◆ **Task item**: Nothing but the exact lines from the one containing "this 2048×1536 image." through the last line of the records below belongs in your answer.

Items listed in a dataset
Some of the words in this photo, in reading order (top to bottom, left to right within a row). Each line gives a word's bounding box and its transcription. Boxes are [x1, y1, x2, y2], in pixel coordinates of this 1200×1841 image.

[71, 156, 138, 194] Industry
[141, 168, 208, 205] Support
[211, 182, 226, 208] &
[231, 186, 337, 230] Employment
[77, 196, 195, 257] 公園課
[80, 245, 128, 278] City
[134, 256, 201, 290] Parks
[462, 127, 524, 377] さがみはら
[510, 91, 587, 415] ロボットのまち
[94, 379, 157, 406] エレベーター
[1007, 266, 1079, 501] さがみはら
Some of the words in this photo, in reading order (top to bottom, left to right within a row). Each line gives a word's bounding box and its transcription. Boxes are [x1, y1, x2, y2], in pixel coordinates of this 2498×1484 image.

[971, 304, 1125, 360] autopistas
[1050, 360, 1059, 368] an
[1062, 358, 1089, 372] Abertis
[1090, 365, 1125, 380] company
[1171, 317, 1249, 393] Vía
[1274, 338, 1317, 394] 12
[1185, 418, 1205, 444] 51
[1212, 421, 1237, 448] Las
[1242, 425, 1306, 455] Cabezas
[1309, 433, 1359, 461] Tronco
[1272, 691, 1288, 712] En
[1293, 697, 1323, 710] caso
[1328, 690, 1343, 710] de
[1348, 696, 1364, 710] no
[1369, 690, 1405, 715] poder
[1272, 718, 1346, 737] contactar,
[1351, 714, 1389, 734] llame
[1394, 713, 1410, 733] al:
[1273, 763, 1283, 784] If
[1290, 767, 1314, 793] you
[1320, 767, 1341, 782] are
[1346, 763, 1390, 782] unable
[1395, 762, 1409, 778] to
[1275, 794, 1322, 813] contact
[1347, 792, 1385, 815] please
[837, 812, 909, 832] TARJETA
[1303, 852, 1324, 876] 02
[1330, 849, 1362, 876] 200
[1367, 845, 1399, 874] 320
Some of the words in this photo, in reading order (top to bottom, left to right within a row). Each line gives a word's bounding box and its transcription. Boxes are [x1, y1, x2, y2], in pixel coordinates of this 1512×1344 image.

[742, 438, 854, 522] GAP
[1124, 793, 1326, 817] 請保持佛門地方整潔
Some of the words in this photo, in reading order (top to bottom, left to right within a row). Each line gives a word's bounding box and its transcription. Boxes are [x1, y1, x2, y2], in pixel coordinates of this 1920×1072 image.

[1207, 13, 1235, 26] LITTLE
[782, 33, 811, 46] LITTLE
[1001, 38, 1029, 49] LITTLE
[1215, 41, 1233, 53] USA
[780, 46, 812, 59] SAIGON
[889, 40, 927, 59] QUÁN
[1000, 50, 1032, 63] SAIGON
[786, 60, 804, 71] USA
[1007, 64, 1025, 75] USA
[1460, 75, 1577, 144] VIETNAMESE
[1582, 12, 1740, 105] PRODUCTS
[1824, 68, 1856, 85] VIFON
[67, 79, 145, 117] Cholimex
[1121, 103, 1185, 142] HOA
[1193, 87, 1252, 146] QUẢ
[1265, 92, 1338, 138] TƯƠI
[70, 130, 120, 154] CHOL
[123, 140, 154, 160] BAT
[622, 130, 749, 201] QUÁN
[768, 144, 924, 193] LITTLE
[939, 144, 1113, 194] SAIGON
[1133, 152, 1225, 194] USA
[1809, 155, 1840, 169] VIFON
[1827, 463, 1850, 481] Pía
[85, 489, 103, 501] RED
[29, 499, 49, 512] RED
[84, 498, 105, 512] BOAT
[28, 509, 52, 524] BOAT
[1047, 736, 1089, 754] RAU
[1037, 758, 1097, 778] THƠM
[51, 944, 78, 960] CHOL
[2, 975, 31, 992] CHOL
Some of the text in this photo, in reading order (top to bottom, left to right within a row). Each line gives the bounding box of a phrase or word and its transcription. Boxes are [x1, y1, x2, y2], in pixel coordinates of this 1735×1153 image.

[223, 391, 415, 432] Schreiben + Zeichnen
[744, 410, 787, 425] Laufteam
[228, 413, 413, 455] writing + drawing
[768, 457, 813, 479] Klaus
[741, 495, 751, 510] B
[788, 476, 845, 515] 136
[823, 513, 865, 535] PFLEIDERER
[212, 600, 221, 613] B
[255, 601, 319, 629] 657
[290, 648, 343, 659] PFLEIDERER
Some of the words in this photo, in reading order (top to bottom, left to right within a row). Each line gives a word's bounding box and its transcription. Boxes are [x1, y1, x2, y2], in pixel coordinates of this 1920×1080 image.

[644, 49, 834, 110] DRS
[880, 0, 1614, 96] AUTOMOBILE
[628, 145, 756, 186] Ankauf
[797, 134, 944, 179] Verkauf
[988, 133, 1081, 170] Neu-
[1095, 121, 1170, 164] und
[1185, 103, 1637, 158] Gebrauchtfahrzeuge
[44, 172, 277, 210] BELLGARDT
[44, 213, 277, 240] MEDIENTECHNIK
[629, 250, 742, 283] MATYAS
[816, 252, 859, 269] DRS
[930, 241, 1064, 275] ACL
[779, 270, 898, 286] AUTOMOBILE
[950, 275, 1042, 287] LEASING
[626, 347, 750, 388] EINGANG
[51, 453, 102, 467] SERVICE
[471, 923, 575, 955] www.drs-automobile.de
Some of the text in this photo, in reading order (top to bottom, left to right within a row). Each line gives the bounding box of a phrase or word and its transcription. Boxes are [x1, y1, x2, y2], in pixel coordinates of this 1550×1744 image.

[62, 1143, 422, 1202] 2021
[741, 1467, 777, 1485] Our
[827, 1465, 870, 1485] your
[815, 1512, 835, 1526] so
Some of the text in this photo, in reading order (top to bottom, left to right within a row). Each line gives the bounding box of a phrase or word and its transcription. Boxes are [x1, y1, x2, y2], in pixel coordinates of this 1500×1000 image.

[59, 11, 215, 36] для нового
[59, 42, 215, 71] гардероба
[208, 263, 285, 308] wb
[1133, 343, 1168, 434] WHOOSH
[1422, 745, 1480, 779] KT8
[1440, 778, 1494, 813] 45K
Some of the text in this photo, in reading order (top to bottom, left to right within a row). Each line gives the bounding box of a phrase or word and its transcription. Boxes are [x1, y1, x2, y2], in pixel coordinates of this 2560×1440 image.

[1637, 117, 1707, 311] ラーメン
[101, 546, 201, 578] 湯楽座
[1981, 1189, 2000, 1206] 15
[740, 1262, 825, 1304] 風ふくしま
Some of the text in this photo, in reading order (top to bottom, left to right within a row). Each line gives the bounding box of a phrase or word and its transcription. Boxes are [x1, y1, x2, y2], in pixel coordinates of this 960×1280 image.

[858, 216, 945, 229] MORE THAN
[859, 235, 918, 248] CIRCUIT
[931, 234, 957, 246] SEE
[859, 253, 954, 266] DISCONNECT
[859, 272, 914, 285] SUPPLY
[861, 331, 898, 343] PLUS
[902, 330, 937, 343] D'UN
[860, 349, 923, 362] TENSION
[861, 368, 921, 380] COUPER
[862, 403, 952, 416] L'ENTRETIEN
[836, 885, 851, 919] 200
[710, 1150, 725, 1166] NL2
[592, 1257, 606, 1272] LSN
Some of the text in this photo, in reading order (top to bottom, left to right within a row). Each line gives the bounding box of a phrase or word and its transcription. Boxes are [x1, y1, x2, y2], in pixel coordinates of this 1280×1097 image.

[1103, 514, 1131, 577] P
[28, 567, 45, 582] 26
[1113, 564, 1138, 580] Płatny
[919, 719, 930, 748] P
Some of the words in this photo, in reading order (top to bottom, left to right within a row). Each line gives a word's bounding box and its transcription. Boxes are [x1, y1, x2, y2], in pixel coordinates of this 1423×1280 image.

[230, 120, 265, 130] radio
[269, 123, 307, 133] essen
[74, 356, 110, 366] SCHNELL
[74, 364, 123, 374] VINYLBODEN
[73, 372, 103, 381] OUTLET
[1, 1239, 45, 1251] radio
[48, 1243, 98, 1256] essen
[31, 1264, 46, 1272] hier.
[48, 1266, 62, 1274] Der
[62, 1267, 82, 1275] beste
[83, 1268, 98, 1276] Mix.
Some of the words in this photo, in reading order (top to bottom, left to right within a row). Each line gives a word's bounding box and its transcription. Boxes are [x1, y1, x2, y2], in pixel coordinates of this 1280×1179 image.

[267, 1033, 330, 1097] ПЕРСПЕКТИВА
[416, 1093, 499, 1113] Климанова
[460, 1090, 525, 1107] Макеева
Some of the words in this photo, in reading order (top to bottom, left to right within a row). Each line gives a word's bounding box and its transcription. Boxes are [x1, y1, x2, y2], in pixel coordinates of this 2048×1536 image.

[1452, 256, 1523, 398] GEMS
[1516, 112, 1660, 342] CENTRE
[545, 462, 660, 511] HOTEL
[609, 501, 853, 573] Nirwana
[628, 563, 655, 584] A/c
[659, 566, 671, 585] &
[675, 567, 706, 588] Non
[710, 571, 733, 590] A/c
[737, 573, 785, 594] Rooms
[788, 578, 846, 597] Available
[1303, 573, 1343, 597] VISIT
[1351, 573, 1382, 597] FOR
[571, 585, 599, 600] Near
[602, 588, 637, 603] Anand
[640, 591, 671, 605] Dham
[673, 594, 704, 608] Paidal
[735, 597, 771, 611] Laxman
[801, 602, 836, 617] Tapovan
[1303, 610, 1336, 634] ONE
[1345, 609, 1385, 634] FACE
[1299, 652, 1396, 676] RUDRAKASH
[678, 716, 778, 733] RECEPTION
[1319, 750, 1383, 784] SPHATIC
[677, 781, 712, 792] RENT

◆ **Problem solution**:
Some of the words in this photo, in reading order (top to bottom, left to right within a row). Each line gives a word's bounding box and its transcription. Boxes are [x1, y1, x2, y2], in pixel coordinates of this 2048×1536 image.

[1452, 256, 1523, 398] GEMS
[1516, 112, 1660, 342] CENTRE
[545, 462, 660, 511] HOTEL
[609, 501, 853, 573] Nirwana
[628, 563, 655, 584] A/c
[659, 566, 671, 585] &
[675, 567, 706, 588] Non
[710, 571, 733, 590] A/c
[737, 573, 785, 594] Rooms
[788, 578, 846, 597] Available
[1303, 573, 1343, 597] VISIT
[1351, 573, 1382, 597] FOR
[571, 585, 599, 600] Near
[602, 588, 637, 603] Anand
[640, 591, 671, 605] Dham
[673, 594, 704, 608] Paidal
[735, 597, 771, 611] Laxman
[801, 602, 836, 617] Tapovan
[1303, 610, 1336, 634] ONE
[1345, 609, 1385, 634] FACE
[1299, 652, 1396, 676] RUDRAKASH
[678, 716, 778, 733] RECEPTION
[1319, 750, 1383, 784] SPHATIC
[677, 781, 712, 792] RENT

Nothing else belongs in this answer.